◆ Task objective
Before you return the lines below, strip out any images and keep every word as written.

****************************************

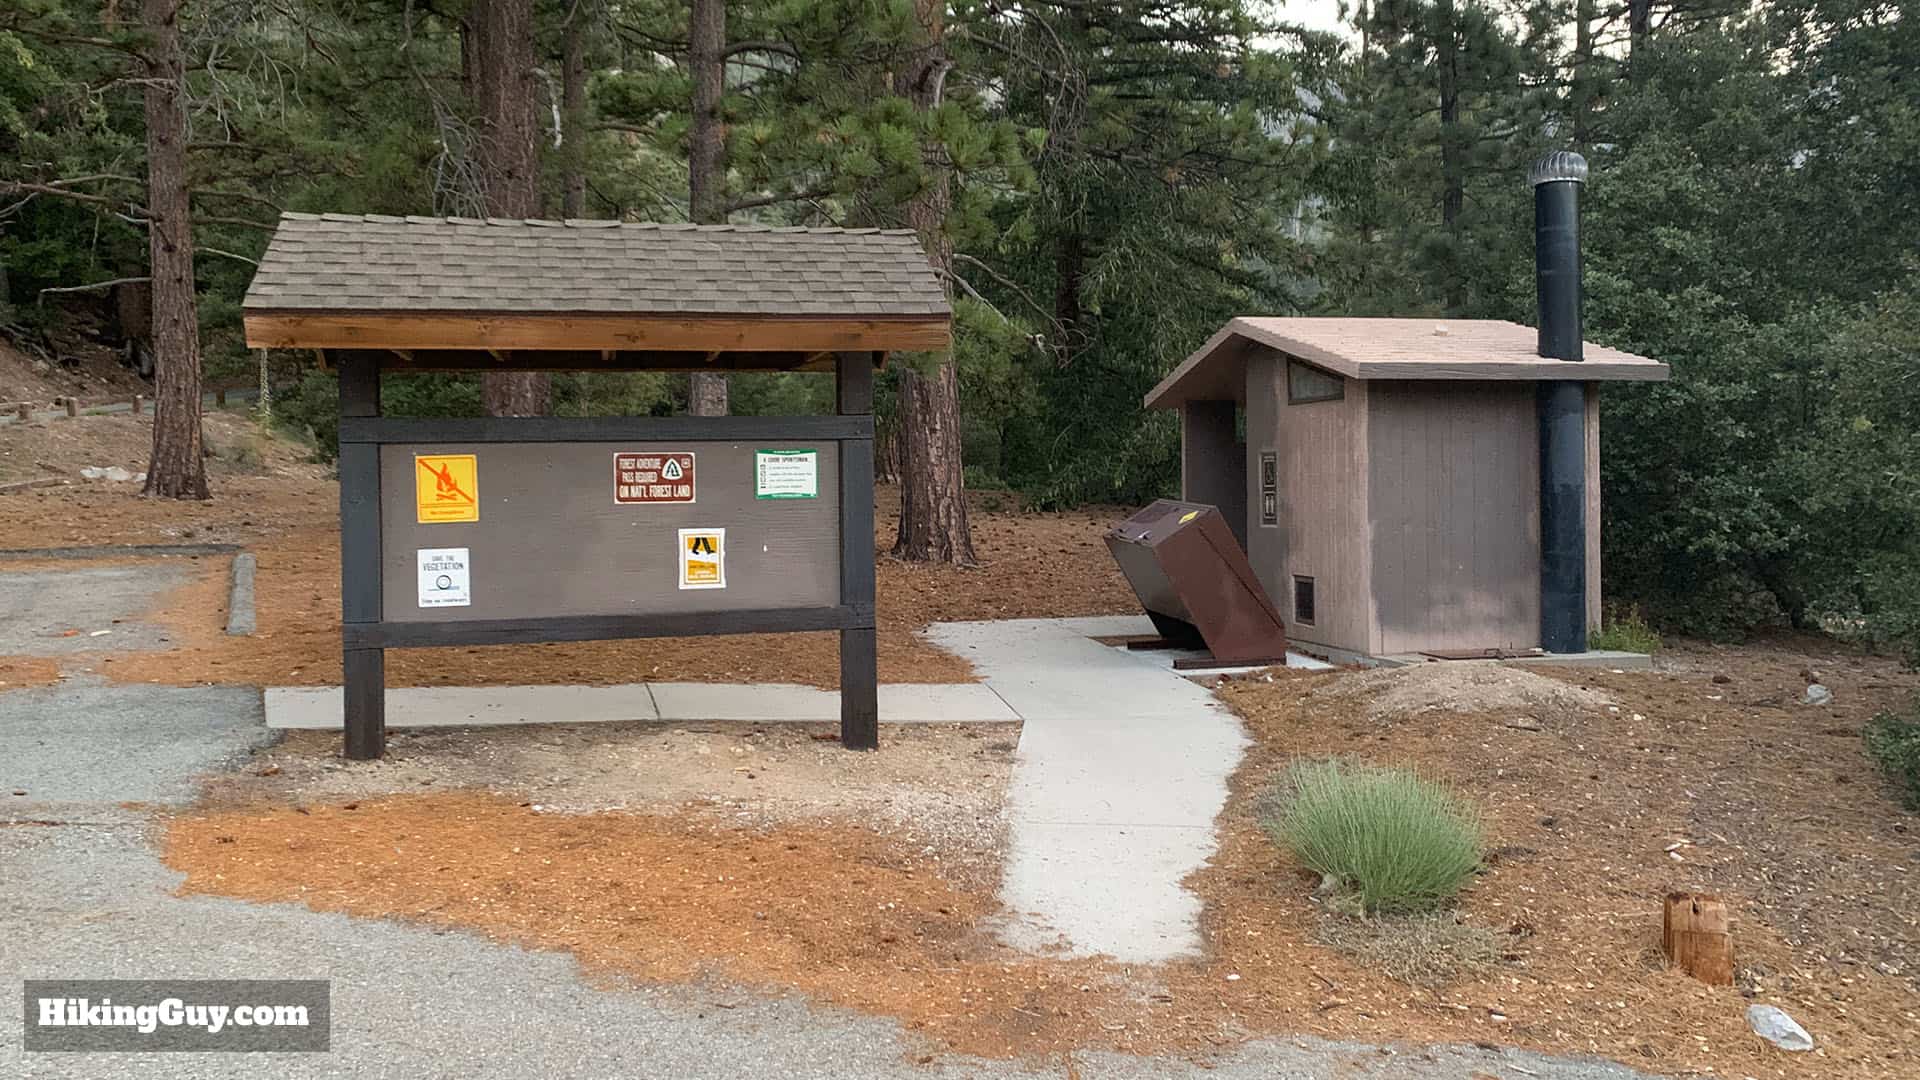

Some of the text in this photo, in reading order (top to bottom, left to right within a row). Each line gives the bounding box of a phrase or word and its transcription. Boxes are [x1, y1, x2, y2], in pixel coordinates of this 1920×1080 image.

[619, 458, 661, 469] FOREST ADVENTURE
[622, 471, 657, 482] PASS REQUIRED
[619, 484, 629, 498] ON
[649, 484, 672, 497] FOREST
[673, 484, 690, 497] LAND
[423, 562, 464, 571] VEGETATION
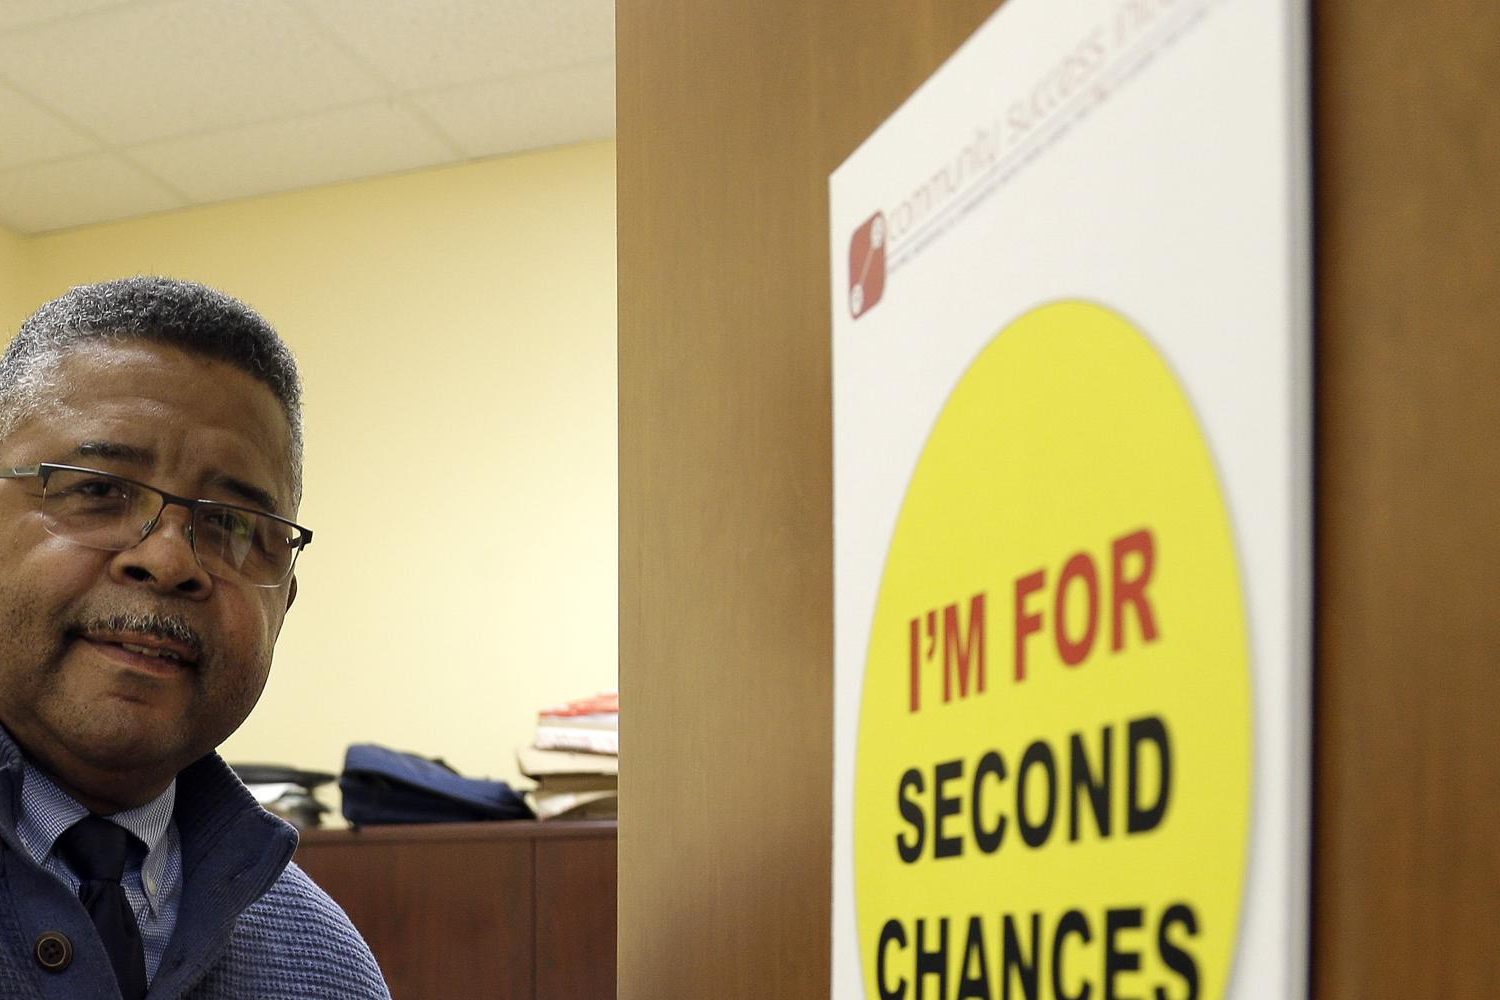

****************************************

◆ Exercise result
Some of the text in this photo, in reading order (top to bottom, left to right within a row). Each line gives the bounding box of a phrase or word and its transcription. Boxes are [x1, y1, x2, y2], in pixel coordinates of this 1920×1080 image.

[619, 458, 661, 469] FOREST ADVENTURE
[622, 471, 657, 482] PASS REQUIRED
[619, 484, 629, 498] ON
[649, 484, 672, 497] FOREST
[673, 484, 690, 497] LAND
[423, 562, 464, 571] VEGETATION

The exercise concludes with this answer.